Compound Operational Transformation
A great tutorial on Compound Operational Transformation is Understanding and Applying Operational Transformation by Daniel Spiewak. One must read this to understand how Compound Operational Transformation works.
Conclusion
As I have mentioned earlier, Operational Transformation is a very powerful tool that allows building great collaborative apps with support for non-blocking concurrent editing. I would keep updating the blog post with whatever I learn more about OT and other real-time collaborative editing algorithms.
Quoting from the Wikipedia’s Page:
While the classic OT approach of defining operations through their offsets in the text seems to be simple and natural, real-world distributed systems raise serious issues. Namely, those operations propagate with finite speed, states of participants are often different, thus the resulting combinations of states and operations are extremely hard to foresee and understand. As Li and Li put it, “Due to the need to consider complicated case coverage, formal proofs are very complicated and error-prone, even for OT algorithms that only treat two characterwise primitives (insert and delete)”.

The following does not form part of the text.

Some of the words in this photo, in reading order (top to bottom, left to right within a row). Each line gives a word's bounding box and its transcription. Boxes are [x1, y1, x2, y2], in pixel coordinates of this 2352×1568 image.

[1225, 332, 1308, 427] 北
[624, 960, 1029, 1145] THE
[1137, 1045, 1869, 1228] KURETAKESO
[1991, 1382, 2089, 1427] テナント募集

Similarly, Joseph Gentle who is a former Google Wave engineer and an author of the Share.JS library wrote, “Unfortunately, implementing OT sucks. There are a million algorithms with different tradeoffs, mostly trapped in academic papers. The algorithms are really hard and time-consuming to implement correctly. […] Wave took 2 years to write and if we rewrote it today, it would take almost as long to write a second time.”
For OT to work, every single change to the data needs to be captured: “Obtaining a snapshot of the state is usually trivial, but capturing edits is a different matter altogether. […] The richness of modern user interfaces can make this problematic, especially within a browser-based environment.” An alternative to OT is differential synchronization.
References
I’ve read the following papers and articles to learn about Operational Transformation.
- High Latency, Low-Bandwidth Windowing in the Jupiter Collaboration System Authored by David A. Nichols, Pavel Curtis, Michael Dixon, and John Lamping.
- Operational Transformation in Real-Time Group Editors: Issues, Algorithms, and Achievements Authored by Chengzheng Sun and Clarence (Skip) Ellis.
- Google’s whitepaper on Operational Transformation
- Concurrency Control in Groupware Systems Authored by C.A. Ellis, S.J. Gibbs
- Evaluating CRDTs for Real-time Document Editing Authored by Mehdi Ahmed-Nacer, Claudia-Lavinia Ignat, G´erald Oster, Hyun-Gul Roh, Pascal Urso
- Merging OT and CRDT Algorithms Authored by Mehdi Ahmed-Nacer, Pascal Urso, Valter Balegas, Nuno Pregui¸ca
- Wikipedia on Operational Transformation One of the most informative articles, I have found on wikipedia, suprisingly.